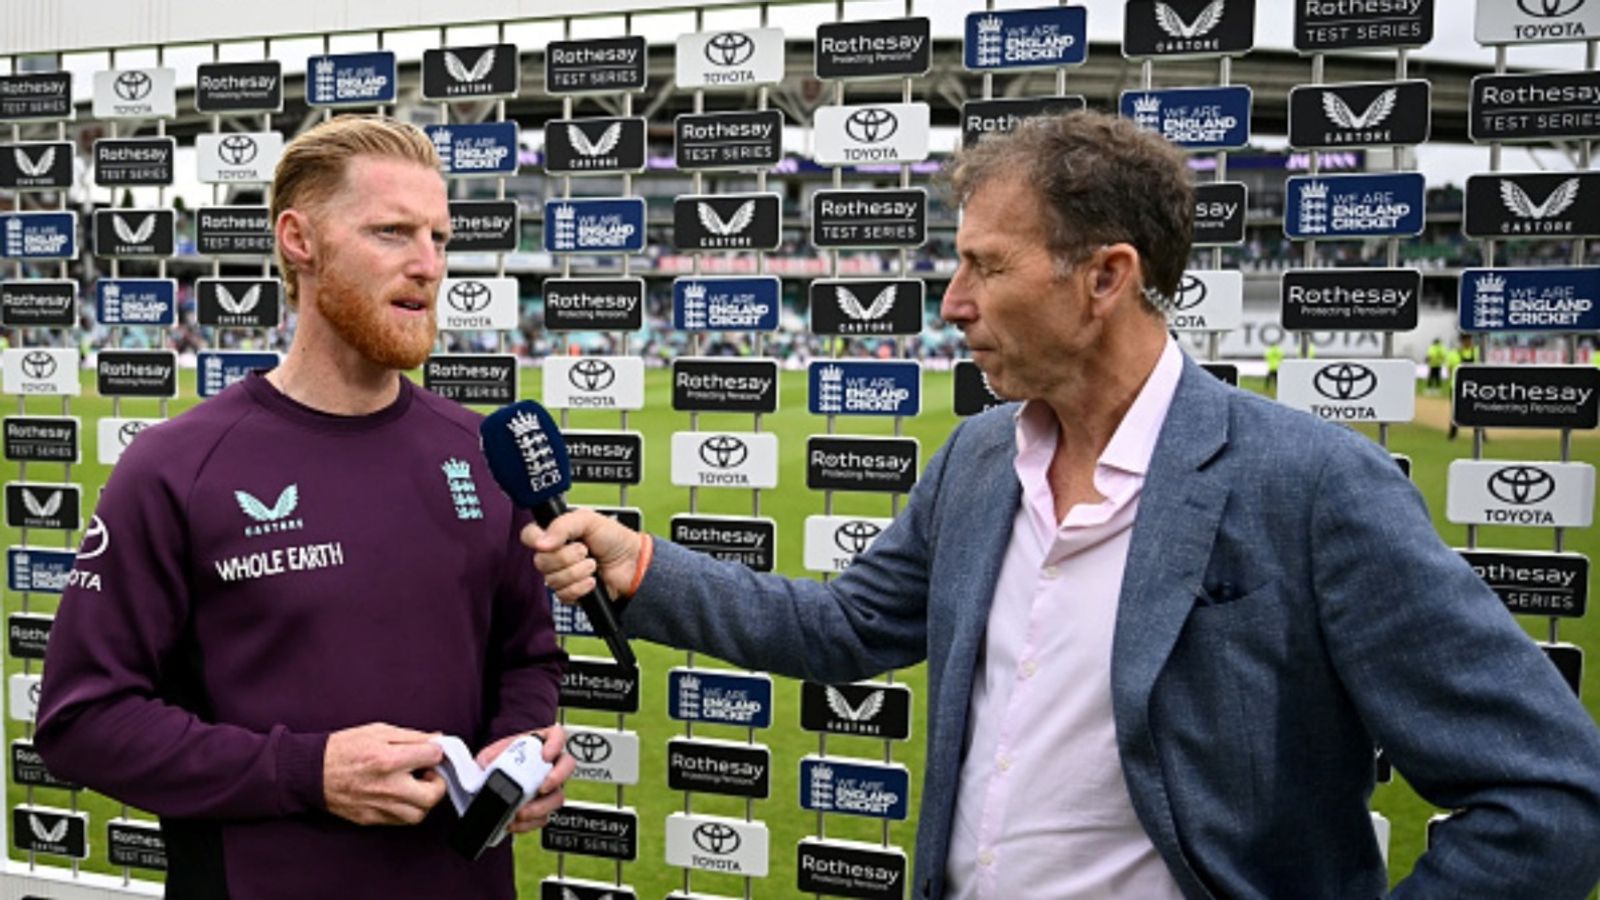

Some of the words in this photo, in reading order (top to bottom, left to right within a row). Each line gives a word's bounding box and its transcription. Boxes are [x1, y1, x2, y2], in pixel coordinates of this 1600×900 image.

[1306, 0, 1420, 16] Rothesay
[1307, 28, 1350, 42] TEST
[1357, 23, 1420, 39] SERIES
[1514, 23, 1585, 39] TOYOTA
[822, 35, 922, 53] Rothesay
[1005, 35, 1074, 49] ENGLAND
[1156, 40, 1219, 52] CASTORE
[553, 48, 637, 64] Rothesay
[1005, 47, 1065, 60] CRICKET
[201, 76, 276, 90] Rothesay
[555, 73, 584, 85] TEST
[590, 70, 637, 83] SERIES
[704, 70, 754, 82] TOYOTA
[1, 81, 65, 96] Rothesay
[1482, 85, 1600, 103] Rothesay
[114, 105, 152, 114] TOYOTA
[1164, 107, 1185, 118] WE
[1192, 106, 1222, 117] ARE
[1164, 117, 1236, 132] ENGLAND
[1484, 117, 1527, 131] TEST
[1538, 114, 1600, 128] SERIES
[684, 123, 772, 138] Rothesay
[1164, 130, 1226, 142] CRICKET
[100, 146, 167, 162] Rothesay
[685, 149, 717, 160] TEST
[723, 146, 771, 159] SERIES
[844, 148, 898, 159] TOYOTA
[101, 169, 127, 179] TEST
[129, 169, 168, 179] SERIES
[218, 170, 257, 179] TOYOTA
[1333, 194, 1357, 203] WE
[1364, 192, 1394, 202] ARE
[821, 201, 916, 217] Rothesay
[1332, 205, 1410, 219] ENGLAND
[202, 216, 271, 230] Rothesay
[451, 215, 513, 232] thesay
[1332, 217, 1399, 230] CRICKET
[1502, 222, 1572, 232] CASTORE
[822, 227, 857, 239] TEST
[864, 226, 916, 239] SERIES
[203, 239, 231, 248] TEST
[1288, 286, 1411, 307] Rothesay
[1509, 288, 1534, 298] WE
[1541, 287, 1574, 298] ARE
[2, 294, 71, 308] Rothesay
[548, 293, 637, 311] Rothesay
[1509, 300, 1592, 312] ENGLAND
[447, 317, 492, 326] TOYOTA
[1509, 312, 1579, 324] CRICKET
[100, 362, 171, 379] Rothesay
[429, 362, 509, 380] Rothesay
[22, 383, 57, 392] TOYOTA
[677, 373, 771, 394] Rothesay
[846, 378, 866, 387] WE
[870, 378, 895, 387] ARE
[429, 386, 460, 397] TEST
[465, 386, 509, 398] SERIES
[846, 389, 909, 401] ENGLAND
[1462, 381, 1593, 406] Rothesay
[568, 396, 615, 406] TOYOTA
[846, 400, 900, 411] CRICKET
[1312, 405, 1376, 419] TOYOTA
[8, 424, 71, 440] Rothesay
[10, 445, 34, 455] TEST
[37, 446, 71, 457] SERIES
[810, 450, 911, 472] Rothesay
[588, 467, 633, 478] SERIES
[700, 472, 748, 484] TOYOTA
[531, 468, 562, 492] ECB
[1485, 510, 1554, 524] TOYOTA
[245, 519, 303, 537] CASTORE
[677, 525, 765, 545] Rothesay
[215, 552, 284, 580] WHOLE
[286, 542, 344, 570] EARTH
[70, 569, 101, 591] OTA
[1477, 564, 1575, 586] othesay
[1507, 593, 1574, 609] SERIES
[11, 626, 50, 640] Rothe
[561, 674, 634, 694] othesay
[671, 753, 763, 778] Rothesay
[836, 788, 898, 803] ENGLAND
[548, 813, 628, 835] Rothesay
[692, 855, 741, 871] TOYOTA
[802, 855, 898, 885] Rothesay

Problem details: What is needed is every record above printed exactly, with no pictures.

Written answer:
Some of the words in this photo, in reading order (top to bottom, left to right within a row). Each line gives a word's bounding box and its transcription. Boxes are [x1, y1, x2, y2], in pixel coordinates of this 1600×900 image.

[1306, 0, 1420, 16] Rothesay
[1307, 28, 1350, 42] TEST
[1357, 23, 1420, 39] SERIES
[1514, 23, 1585, 39] TOYOTA
[822, 35, 922, 53] Rothesay
[1005, 35, 1074, 49] ENGLAND
[1156, 40, 1219, 52] CASTORE
[553, 48, 637, 64] Rothesay
[1005, 47, 1065, 60] CRICKET
[201, 76, 276, 90] Rothesay
[555, 73, 584, 85] TEST
[590, 70, 637, 83] SERIES
[704, 70, 754, 82] TOYOTA
[1, 81, 65, 96] Rothesay
[1482, 85, 1600, 103] Rothesay
[114, 105, 152, 114] TOYOTA
[1164, 107, 1185, 118] WE
[1192, 106, 1222, 117] ARE
[1164, 117, 1236, 132] ENGLAND
[1484, 117, 1527, 131] TEST
[1538, 114, 1600, 128] SERIES
[684, 123, 772, 138] Rothesay
[1164, 130, 1226, 142] CRICKET
[100, 146, 167, 162] Rothesay
[685, 149, 717, 160] TEST
[723, 146, 771, 159] SERIES
[844, 148, 898, 159] TOYOTA
[101, 169, 127, 179] TEST
[129, 169, 168, 179] SERIES
[218, 170, 257, 179] TOYOTA
[1333, 194, 1357, 203] WE
[1364, 192, 1394, 202] ARE
[821, 201, 916, 217] Rothesay
[1332, 205, 1410, 219] ENGLAND
[202, 216, 271, 230] Rothesay
[451, 215, 513, 232] thesay
[1332, 217, 1399, 230] CRICKET
[1502, 222, 1572, 232] CASTORE
[822, 227, 857, 239] TEST
[864, 226, 916, 239] SERIES
[203, 239, 231, 248] TEST
[1288, 286, 1411, 307] Rothesay
[1509, 288, 1534, 298] WE
[1541, 287, 1574, 298] ARE
[2, 294, 71, 308] Rothesay
[548, 293, 637, 311] Rothesay
[1509, 300, 1592, 312] ENGLAND
[447, 317, 492, 326] TOYOTA
[1509, 312, 1579, 324] CRICKET
[100, 362, 171, 379] Rothesay
[429, 362, 509, 380] Rothesay
[22, 383, 57, 392] TOYOTA
[677, 373, 771, 394] Rothesay
[846, 378, 866, 387] WE
[870, 378, 895, 387] ARE
[429, 386, 460, 397] TEST
[465, 386, 509, 398] SERIES
[846, 389, 909, 401] ENGLAND
[1462, 381, 1593, 406] Rothesay
[568, 396, 615, 406] TOYOTA
[846, 400, 900, 411] CRICKET
[1312, 405, 1376, 419] TOYOTA
[8, 424, 71, 440] Rothesay
[10, 445, 34, 455] TEST
[37, 446, 71, 457] SERIES
[810, 450, 911, 472] Rothesay
[588, 467, 633, 478] SERIES
[700, 472, 748, 484] TOYOTA
[531, 468, 562, 492] ECB
[1485, 510, 1554, 524] TOYOTA
[245, 519, 303, 537] CASTORE
[677, 525, 765, 545] Rothesay
[215, 552, 284, 580] WHOLE
[286, 542, 344, 570] EARTH
[70, 569, 101, 591] OTA
[1477, 564, 1575, 586] othesay
[1507, 593, 1574, 609] SERIES
[11, 626, 50, 640] Rothe
[561, 674, 634, 694] othesay
[671, 753, 763, 778] Rothesay
[836, 788, 898, 803] ENGLAND
[548, 813, 628, 835] Rothesay
[692, 855, 741, 871] TOYOTA
[802, 855, 898, 885] Rothesay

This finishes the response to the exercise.